Дверь в лето | страница 117



— Мне не обязательно видеть Фредерику, я должен лишь сообщить ей кое-что. Это очень важно.

— В таком случае, напишите все, что нужно, я передам ей, как только закончатся гимнастические игры.

Я расстроился (и попытался показать ей это).

— Нет, так не пойдет. Такое нельзя сообщить письмом.

— У вас в семье кто-то умер?

— Нет. Скажем так: семейные неприятности. Простите, мэм, мне не хотелось бы говорить об этом с посторонними. Это касается ее матери.

Она смягчилась, но не до конца. Тут в дискуссию вступил Пит. Я не хотел оставлять его в машине, зная, что Рикки непременно захочет увидеть его. Он не любитель лежать на руках и как раз в этот момент ему это надоело.

— Уарр? — сказал он.

— Ой, какой хороший. У меня дома тоже есть кошка и, похоже, тех же кровей.

— Это кот Фредерики, — торжественно объяснил я. — Мне пришлось таскать его с собой, потому что… ну, некуда девать. О нем некому позаботиться.

— Ох, бедненький! — и она почесала его под челюстью. Обычно Пит резко пресекает все поползновения незнакомых людей, но она, слава Богу, сделала все, как надо, и он разомлел до неприличия.

Наконец, блюстительница юных сердец велела мне подождать за столом, что стоял под деревьями, недалеко от штаба. Там можно было присматривать за мной, не нарушая приватности разговора. Я поблагодарил ее и стал ждать.

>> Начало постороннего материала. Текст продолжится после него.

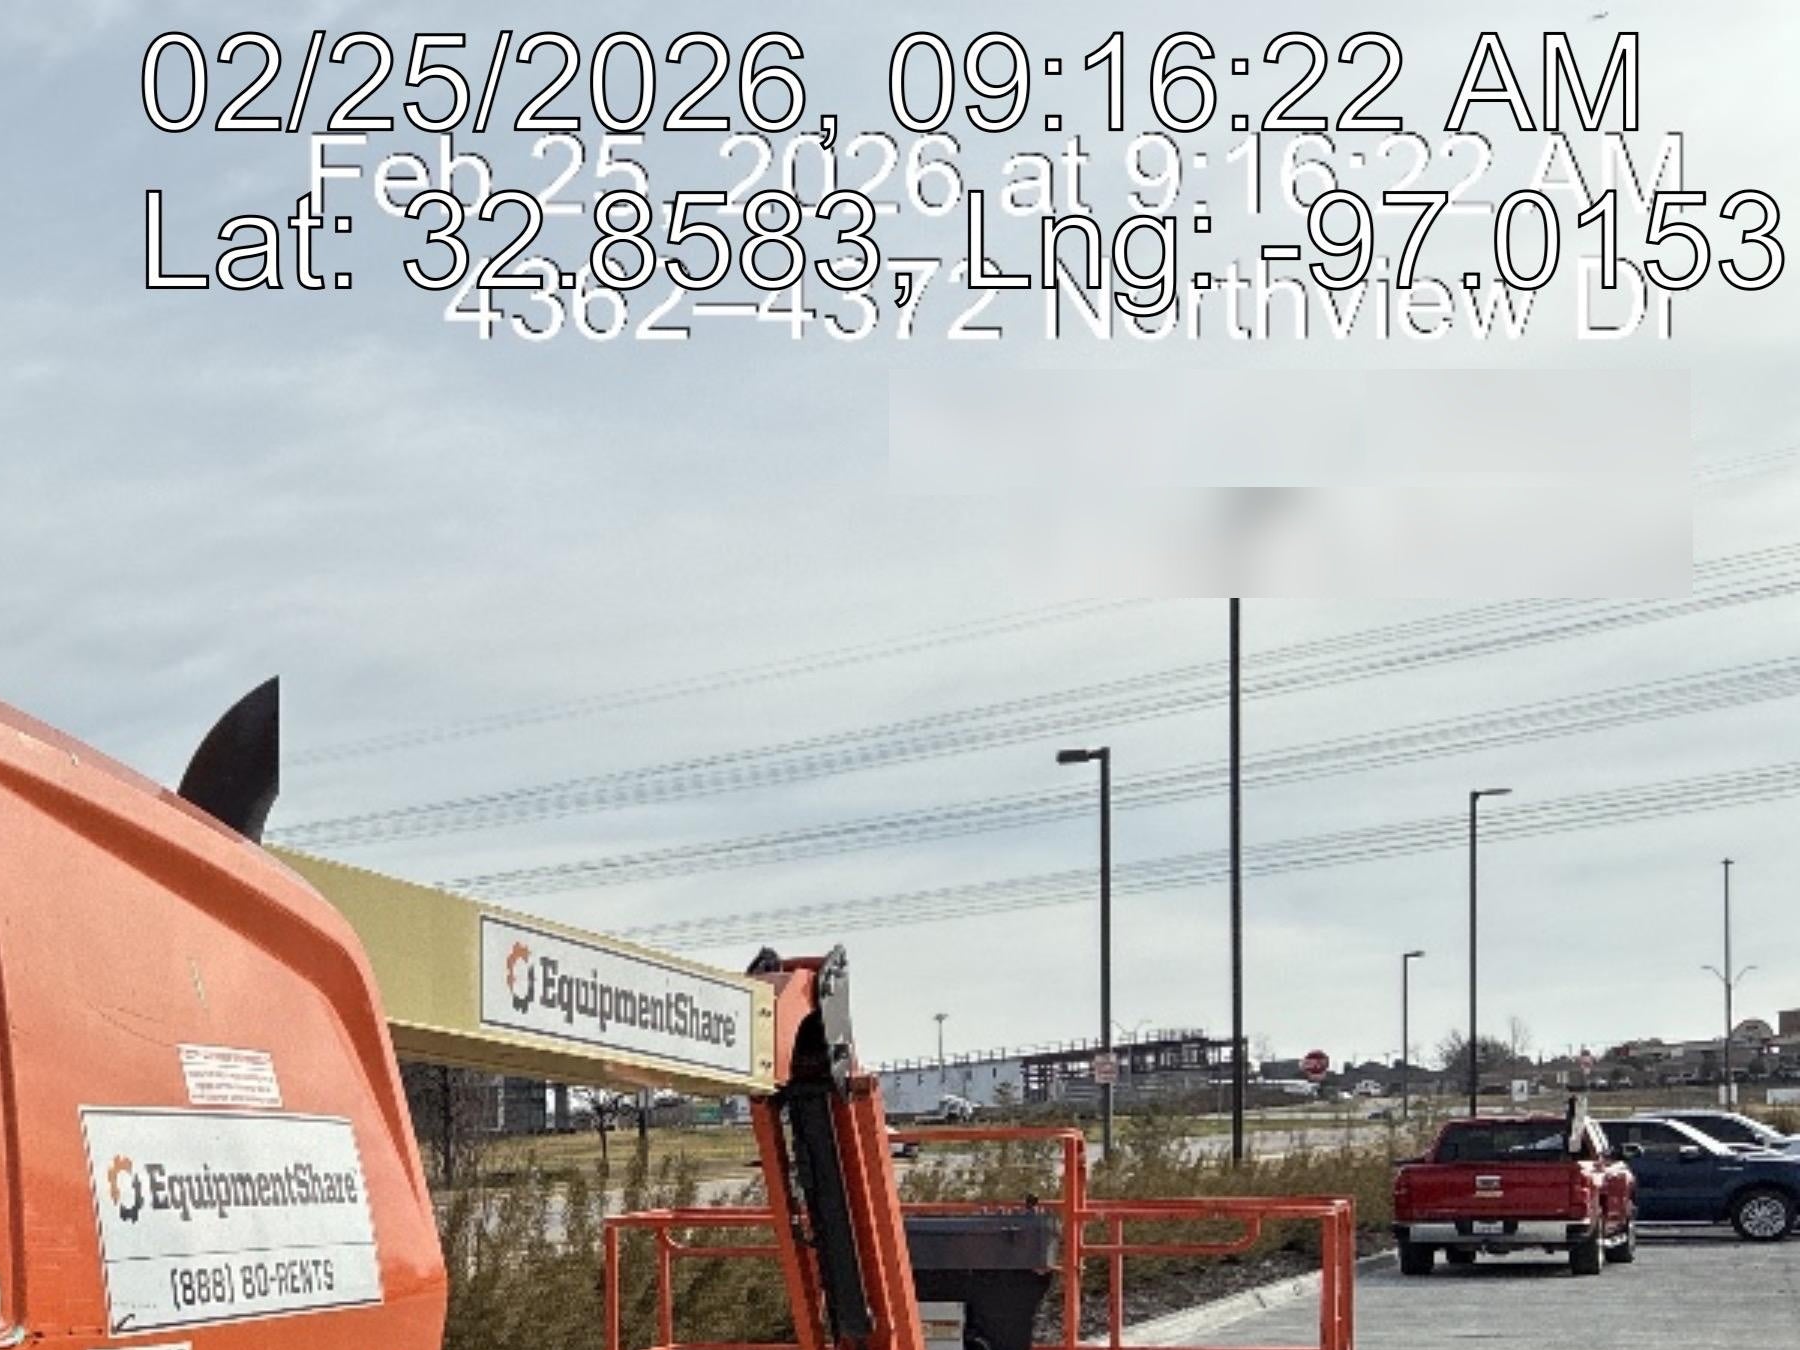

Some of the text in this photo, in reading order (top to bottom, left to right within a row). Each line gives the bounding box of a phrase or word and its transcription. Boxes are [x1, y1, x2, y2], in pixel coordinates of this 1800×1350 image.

[538, 955, 737, 1047] EquipmentShare
[145, 1160, 359, 1222] EquipmentShare
[170, 1262, 236, 1311] (888)

Я не заметил, как подошла Рикки.

— Дядя Дэнни! — услышал я. И тут же, стоило мне обернуться. — Ты и Пита привез! Как чудесно!

Пит мурлыкнул и перескочил к ней на руки. Она ловко поймала его, уложила, как он больше всего любил, и с полминуты они не обращали на меня внимания, исполняя тонкости кошачьего протокола. Потом она посмотрела на меня и совершенно спокойно сказала:

— Дядя Дэнни, я очень рада тебя видеть.

Я не стал целовать ее. Даже не прикоснулся к ней. Я с роду не любил тискать детей, да и Рикки с малых лет терпеть этого не могла. Наше своеобразное родство всегда держалось на принципах взаимного уважения личного достоинства.

Зато я пожирал ее глазами. Мускулистая, с торчащими коленками, еще не сформировавшаяся, она уже была не такой миленькой, как маленькие девчонки. Шорты, рубашка навыпуск, шелушащийся загар, царапины, синяки и необходимое количество грязи тоже не добавляли ей женских чар. Это был набросок женщины, но вся ее угловатость с лихвой окупалась огромными сияющими глазами и неистребимым очарованием эльфа-замарашки.

Она была восхитительна.

— И я рад, Рикки, — ответил я.

Пытаясь совладать с Питом одной рукой, она порылась в набитом кармане шорт и достала смятый конверт.